Resaltemos que un coche al que no se le realiza el mantenimiento adecuado tiene hasta tres veces más probabilidades de sufrir un accidente.

 

En ese sentido, la Comisión de Fabricantes de Neumáticos del Consorcio del Caucho, que integra a los principales fabricantes de neumáticos (Bridgestone, Continental, Goodyear, Dunlop, Michelin y Pirelli), recuerda que uno de los puntos calientes en esas deficiencias de mantenimiento es, sin duda, el mantenimiento de los neumáticos y el crecimiento del número de consumidores que eligen neumáticos de segunda mano para su vehículo, dando mayor importancia al coste del neumático que a su propia seguridad y eventualmente a la de aquellos usuarios con los que comparta espacio en la carretera.

Se trata de una tendencia que tiene su origen en la grave y larga crisis económica que sufre el país: se habla de cerca de dos millones de neumáticos de segunda mano circulando por las carreteras españolas sin ningún control administrativo, lo que podría suponer el 7% respecto al total.

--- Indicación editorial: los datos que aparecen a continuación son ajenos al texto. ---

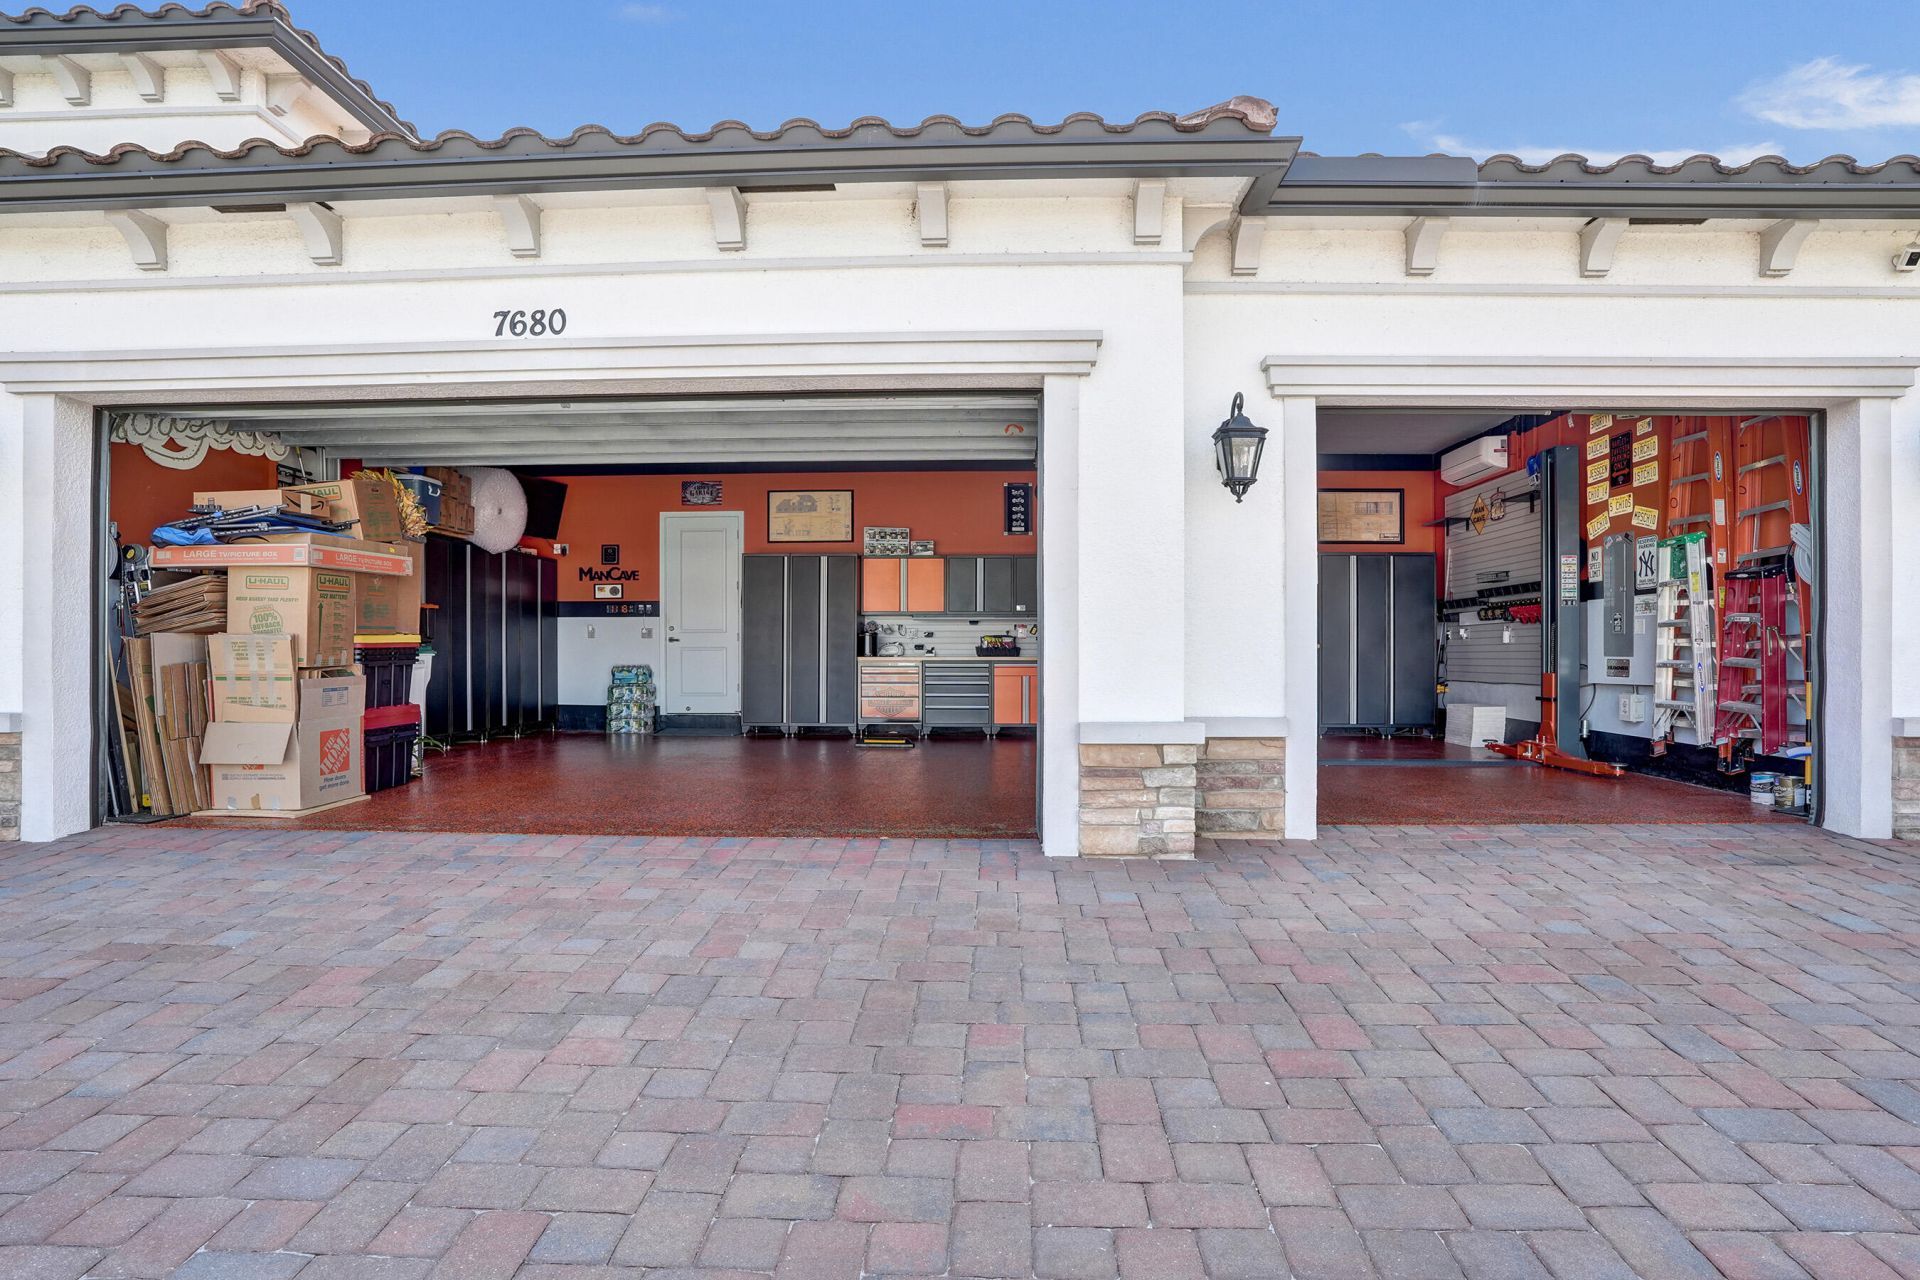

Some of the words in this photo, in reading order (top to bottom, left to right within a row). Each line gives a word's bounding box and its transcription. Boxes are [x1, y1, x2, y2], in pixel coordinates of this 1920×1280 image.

[493, 308, 567, 336] 7680
[1612, 453, 1629, 463] PARKING
[1614, 461, 1627, 470] ONLY
[183, 549, 217, 558] LARGE
[335, 552, 357, 562] LARGE
[1591, 551, 1599, 561] NO
[1589, 562, 1601, 570] SPEED
[1589, 570, 1601, 578] LIMIT
[319, 576, 349, 587] U-HAUL
[253, 612, 278, 623] 100%
[320, 728, 350, 775] HOME
[331, 745, 350, 773] DEPOT

Indicar que el neumático es una estructura compleja, sensible a cuestiones como los cambios de temperatura y las condiciones en las que ha sido almacenado, y que pierde adherencia como consecuencia del envejecimiento de sus componentes.

La Comisión de Fabricantes de Neumáticos recuerda a los consumidores las tres principales razones por las que no deben confiar su seguridad a unos neumáticos de segunda mano.

En primer lugar, se desconoce su procedencia (un desguace, vehículo siniestrado etc.) y es imposible verificar las condiciones reales en las que se encuentra el neumático. En segundo lugar, su vida útil o duración es menor, algo lógico teniendo en cuenta que el neumático ya ha sido usado... y por tanto ya existe desgaste.

Finalmente, en tercer lugar pueden presentar defectos ocultos, que no podemos advertir con una simple inspección ocular, sino que se encuentran en el interior de la estructura del neumático y que sólo podríamos apreciar mediante máquinas especiales. Ejemplos de defectos ocultos serían golpes, baja presión o sobrepresión, efectos de la temperatura...

Otro punto importante a tener muy en cuenta es que la forma en que se desgasta el neumático es diferente en cada vehículo. Por tanto si montamos neumáticos usados puede haber consecuencias sobre la estructura que incrementan el riesgo de sufrir un accidente.

De acuerdo con un estudio del Consorcio del Caucho, la Dirección General de Aduanas, la empresa de análisis y estudios de mercado GIPA España y SGS (líder mundial en el sector de inspección, verificación, pruebas y certificación por ventas totales), los neumáticos de segunda mano proceden principalmente de Alemania y Francia, seguidos de Italia y Países Bajos. En cuanto a España, actualmente es un país importador (51%), aunque fue exportador hasta 2008.

Es importante que los automovilistas sean conscientes de la importancia que tienen los neumáticos para la seguridad vial. Los neumáticos son el único punto de contacto con el asfalto y si no se encuentran en condiciones óptimas se producirá un mayor consumo de combustible (con lo que no se producirá en realidad ningún ahorro por circular con neumáticos usados) y la adherencia puede verse comprometida hasta el punto de producirse una peligrosa pérdida de control del vehículo.

La Comisión de Fabricante del Consorcio del Caucho insiste que sólo los neumáticos de primera mano están en condiciones de garantizar las funciones necesarias para la seguridad en carretera: adherencia y tracción, respuesta al volante, mantenimiento de la direccionalidad, y capacidad de frenar con seguridad tanto en asfalto seco como mojado.